Маслов зааплодировал.
– Верно. Ну и ну! Только что вы уверяли, будто начисто все забыли.
– Я помню свое имя, – ответила я. – Откуда знаю про возбудитель язвы желудка, для самой загадка, – смутилась я. – Язык помимо воли это произнес. О! Вот еще что выплыло из тьмы. Врачи считают, что большое значение имеет моральное состояние пациента. Если он нервничает, злится, «ест себя», то труднее вылечивается.
– Ай, молодец, – обрадовался Маслов, – не знай я, что вы учительница русского языка и литературы, подумал бы, что вы доктор. Отлично материал изложили. Откуда столь обширные познания?
Я пожала плечами:
– Понятия не имею. Словно кто-то подсказал.
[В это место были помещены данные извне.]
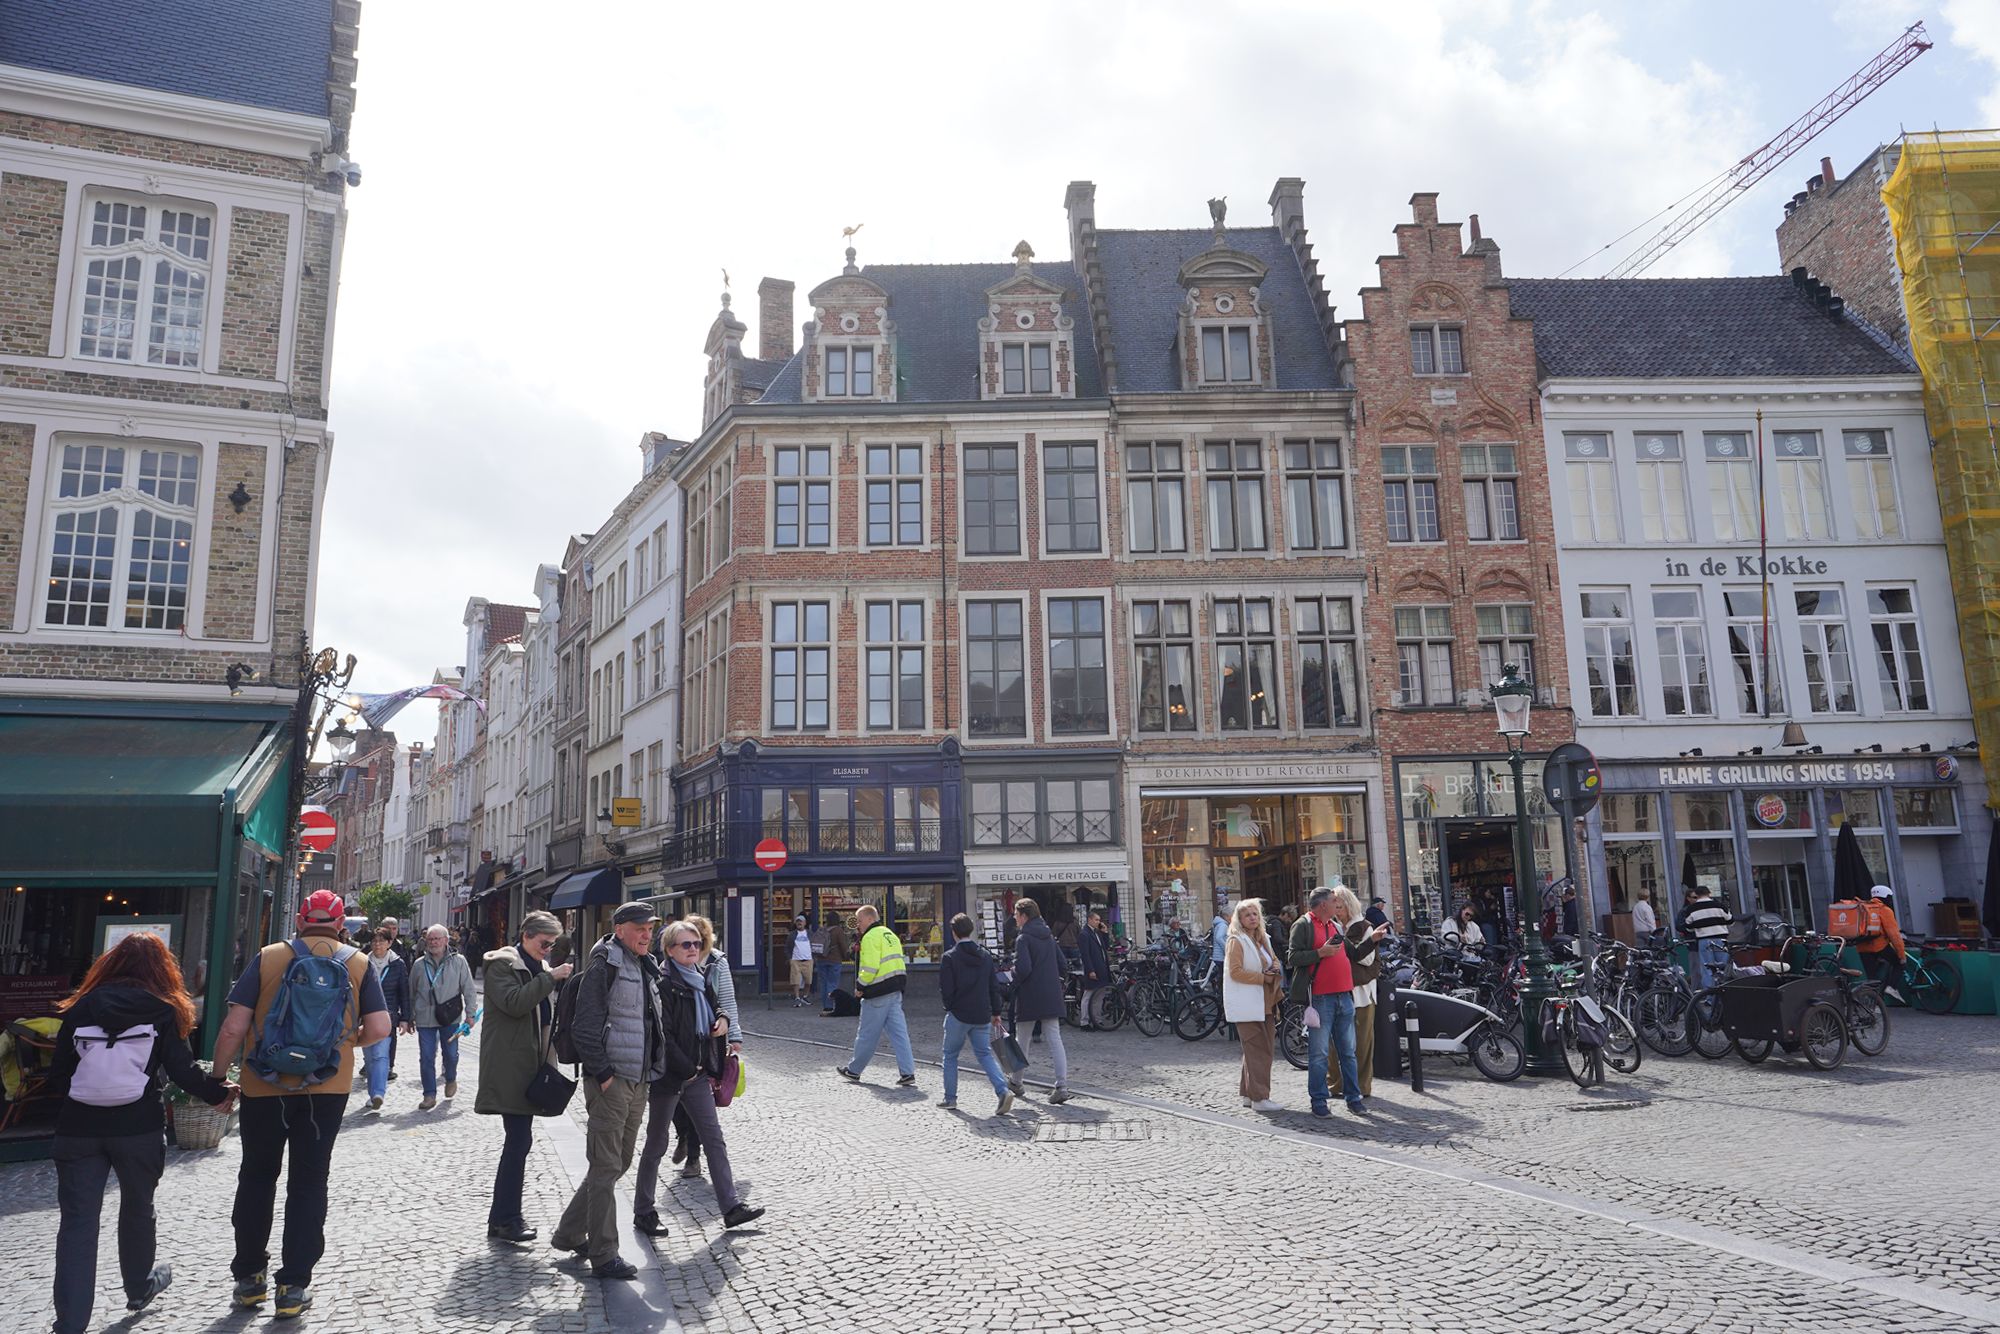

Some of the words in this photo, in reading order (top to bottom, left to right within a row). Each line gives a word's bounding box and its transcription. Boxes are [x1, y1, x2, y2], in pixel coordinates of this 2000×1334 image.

[1666, 557, 1690, 576] in
[1700, 557, 1727, 576] de
[833, 767, 869, 775] ELISABETH
[1155, 768, 1250, 778] BOEKHANDEL
[1256, 767, 1273, 777] DE
[1279, 765, 1351, 776] REYGHERE
[1658, 767, 1713, 784] FLAME
[1718, 764, 1795, 784] GRILLING
[1800, 764, 1846, 782] SINCE
[1852, 763, 1896, 781] 1954
[1760, 806, 1784, 818] KING
[991, 873, 1043, 881] BELGIAN
[1049, 871, 1107, 880] HERITAGE
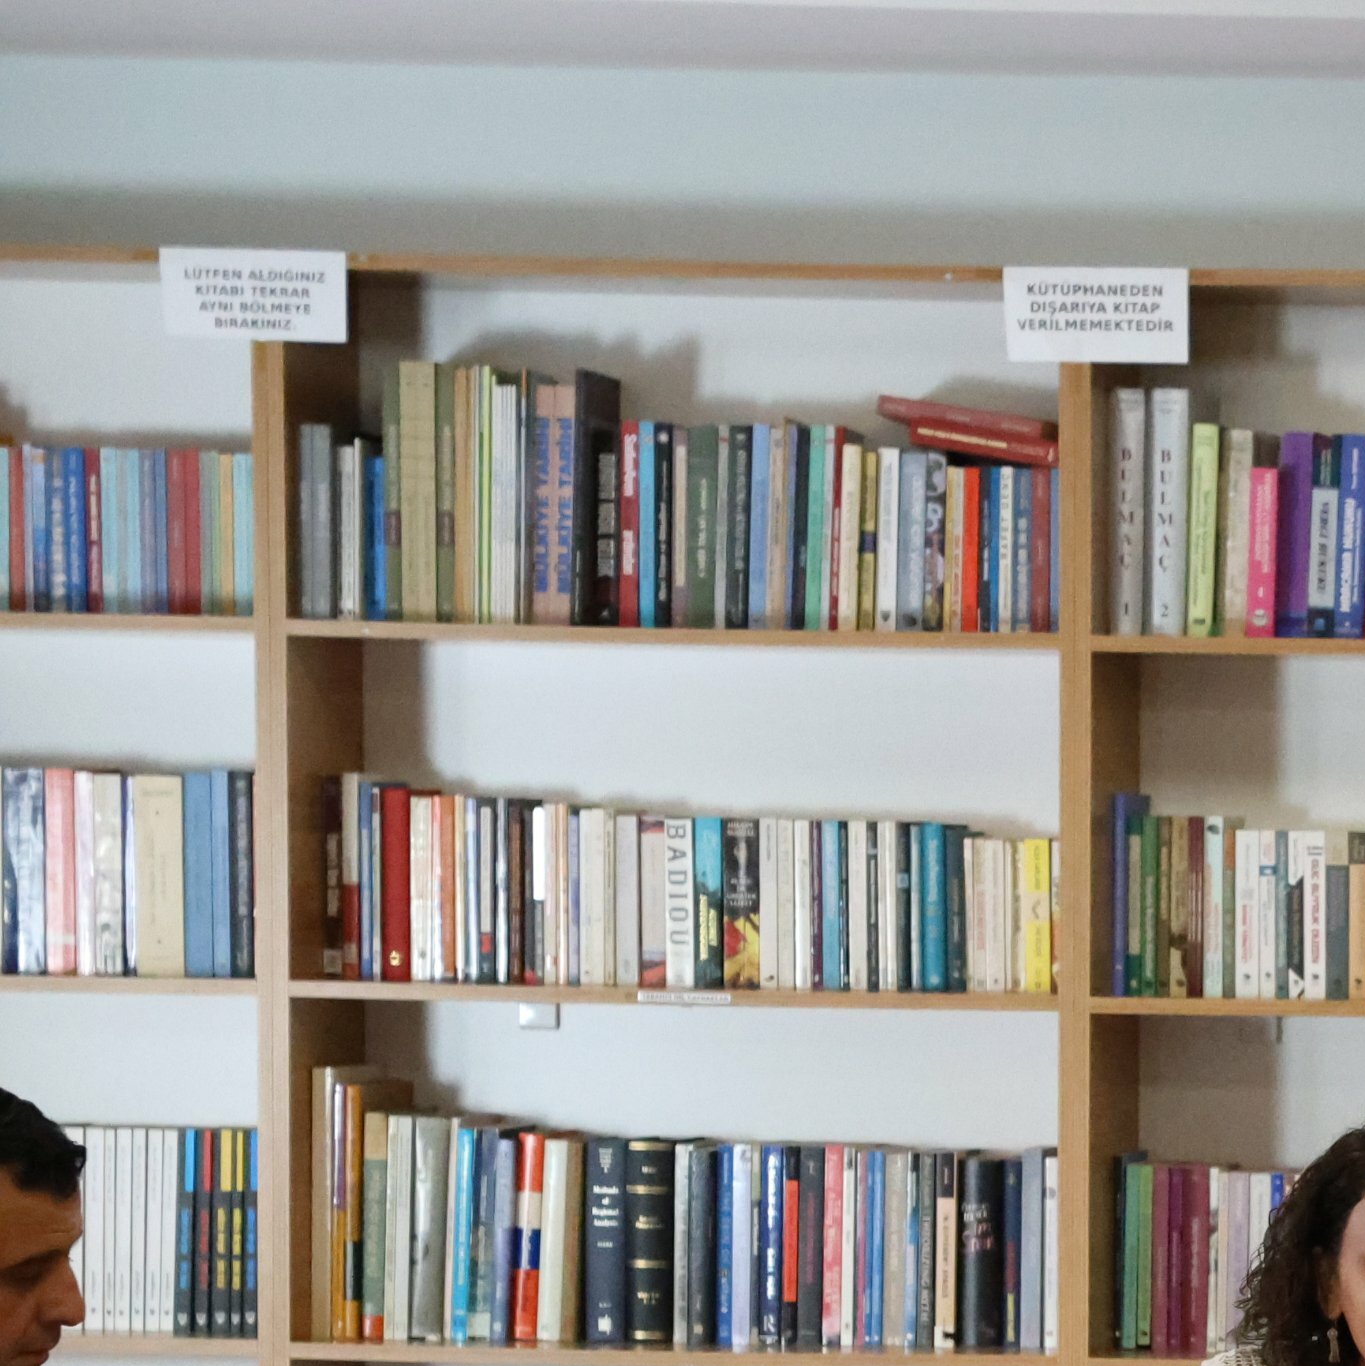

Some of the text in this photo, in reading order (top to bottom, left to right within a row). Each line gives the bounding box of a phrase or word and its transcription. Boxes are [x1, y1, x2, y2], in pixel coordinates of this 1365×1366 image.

[184, 267, 326, 284] LÜTFEN ALDIĞINIZ
[195, 284, 310, 298] KİTABI TEKRAR
[1027, 281, 1163, 297] KÜTÜPHANEDEN
[199, 300, 311, 315] AYNI BÖLMEYE
[1030, 301, 1161, 316] DIŞARIYA KİTAP
[1017, 317, 1174, 332] VERİLMEMEKTEDİR
[1157, 448, 1174, 618] BULMAÇ 2
[667, 823, 689, 945] BADIOU
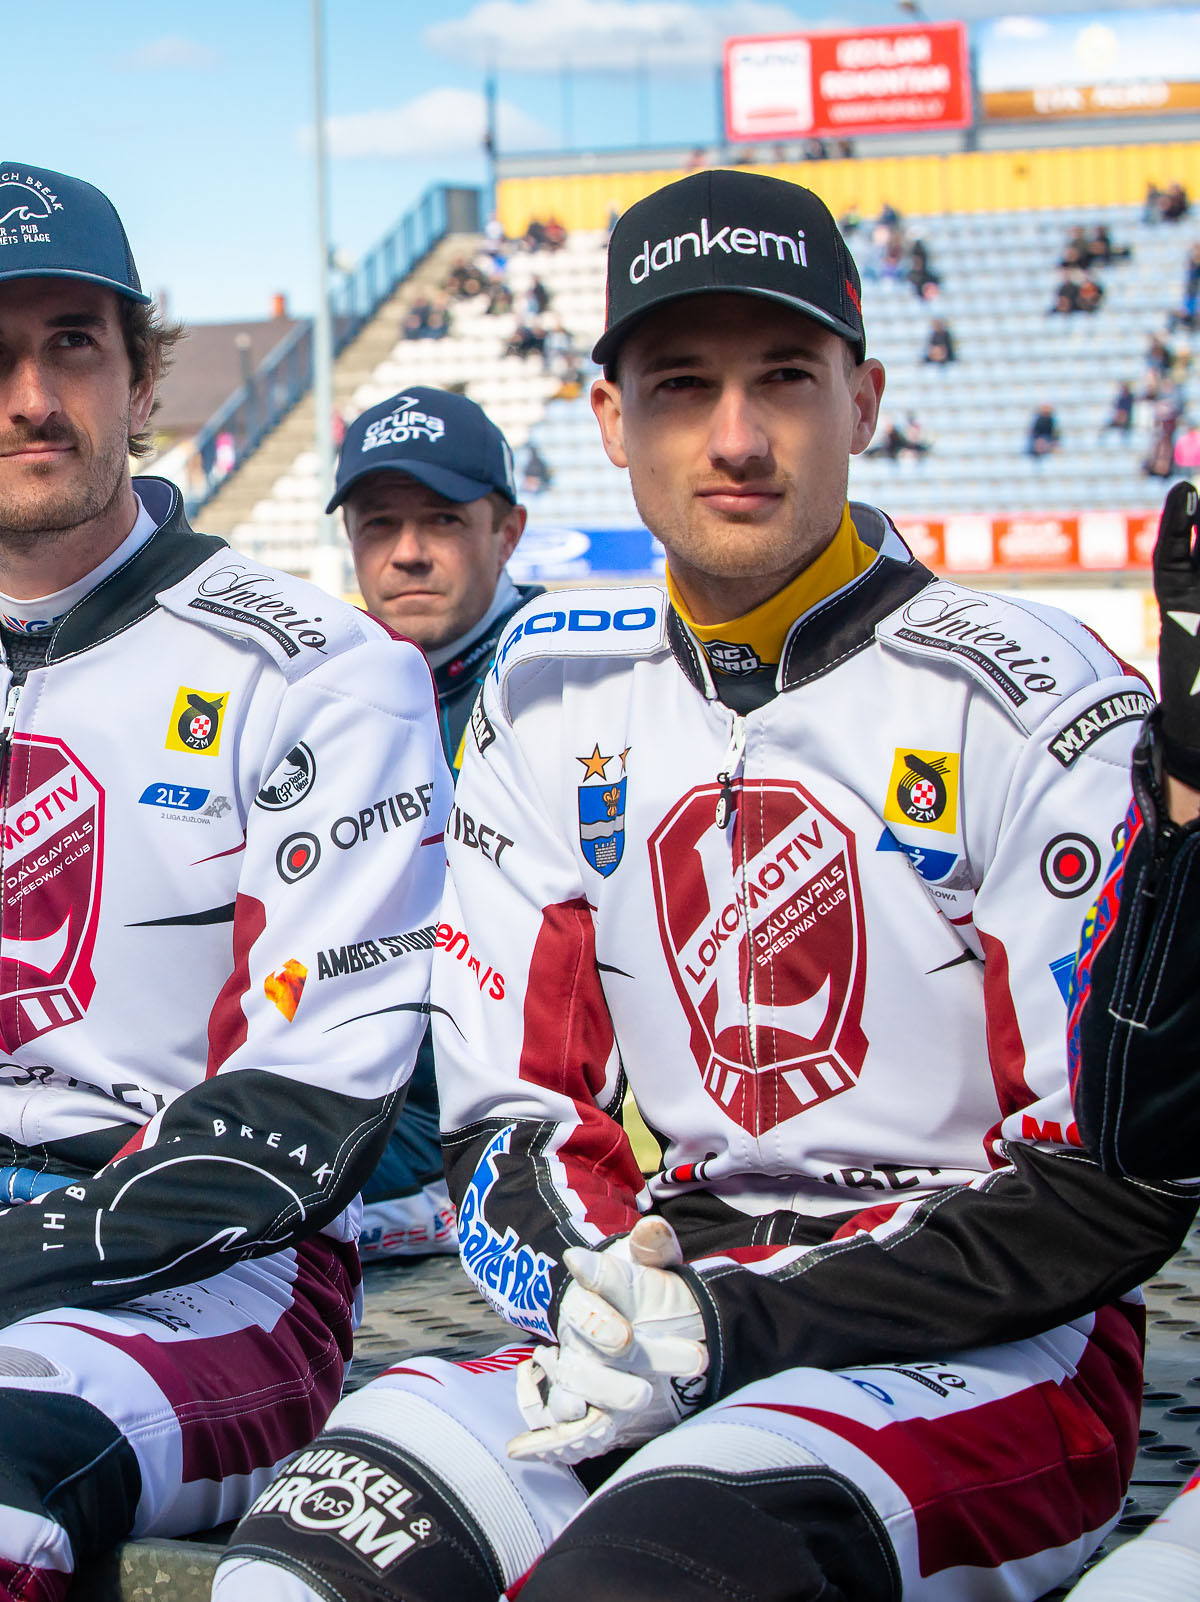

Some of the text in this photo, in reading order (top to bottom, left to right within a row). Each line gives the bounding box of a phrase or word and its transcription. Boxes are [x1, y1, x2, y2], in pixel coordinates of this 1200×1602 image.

[25, 176, 64, 211] BREAK
[20, 224, 39, 235] PUB
[23, 233, 51, 243] PLAGE
[629, 217, 808, 285] dankemi
[185, 735, 209, 749] PZM
[906, 805, 937, 822] PZM
[5, 821, 94, 890] DAUGAVPILS
[7, 843, 91, 907] SPEEDWAY CLUB
[684, 818, 824, 986] LOKOMOTIV
[754, 864, 845, 948] DAUGAVPILS
[756, 888, 847, 967] SPEEDWAY CLUB
[316, 939, 388, 981] AMBER
[212, 1118, 335, 1186] BREAK
[285, 1449, 432, 1540] NIKKEL &
Филипп Андреевич потер руки:
– Прекрасно. Давайте выясним, что еще вам этот «кто-то» мог нашептать. Что вы можете о себе сообщить?
– Меня зовут Таня Сергеева, – ответила я. – Работаю в школе.
– Браво, – восхитился Маслов.
– Сами только что назвали мою профессию, – вздохнула я.
– Сколько вам лет?
– М-м-м, – промычала я, – ну… раз я педагог… значит, окончила вуз… мне точно за двадцать.
– Гениально, – восхитился эскулап. – Поточнее получится?
– Навряд ли, – призналась я.
– Так, попробуем с другой стороны. Имя Этти вам знакомо?
Я уставилась в окно. Этти?
– Мать Миши, – подсказал врач, – ваша свекровь…
Меня словно стукнули по голове медным тазом, в голове взорвалась граната. На секунду свет померк, затем перед глазами запрыгали разноцветные огоньки, меня затошнило, комната завертелась, потолок поменялся с полом.
– Этти! – закричала я. – Ну, конечно! Этти!
Со свекровью мне повезло феерически. В свое время бабы в учительской рассказывали про такое! Кровь сворачивалась в жилах, а по спине тек холодный пот от услышанного. Бесконечные упреки матерей мужей типа: «Вижу, что сын сильно ошибся в выборе жены», поджатые губы, кислые мины… Как назло, мужья обожали своих мамаш и каждый раз заявляли супругам: «Не смей спорить с мамой, у нее разболится голова». У всех свекровей моих коллег были слабое здоровье, ранимая нервная система и ядовитые зубы, которые они пускали в ход, только когда оставались с невесткой наедине.
Этти оказалась другой. Начнем с того, что я не знаю, сколько ей лет. Своего сына она родила неизвестно от кого. Вернее, свекровь, естественно, знает имя отца Миши, какое-то время она состояла с ним в браке, но распространяться о бывшем супруге не любила.
– Мы с Ильей прожили всего ничего, – как-то в минуту откровенности призналась она, – а когда он сбежал от меня и крохотного Мишки и не оставил ни копейки денег, я вдруг поняла, что совсем не знала своего супруга. Поэтому теперь говорю: мой сын родился неизвестно от кого, то есть от неизвестного!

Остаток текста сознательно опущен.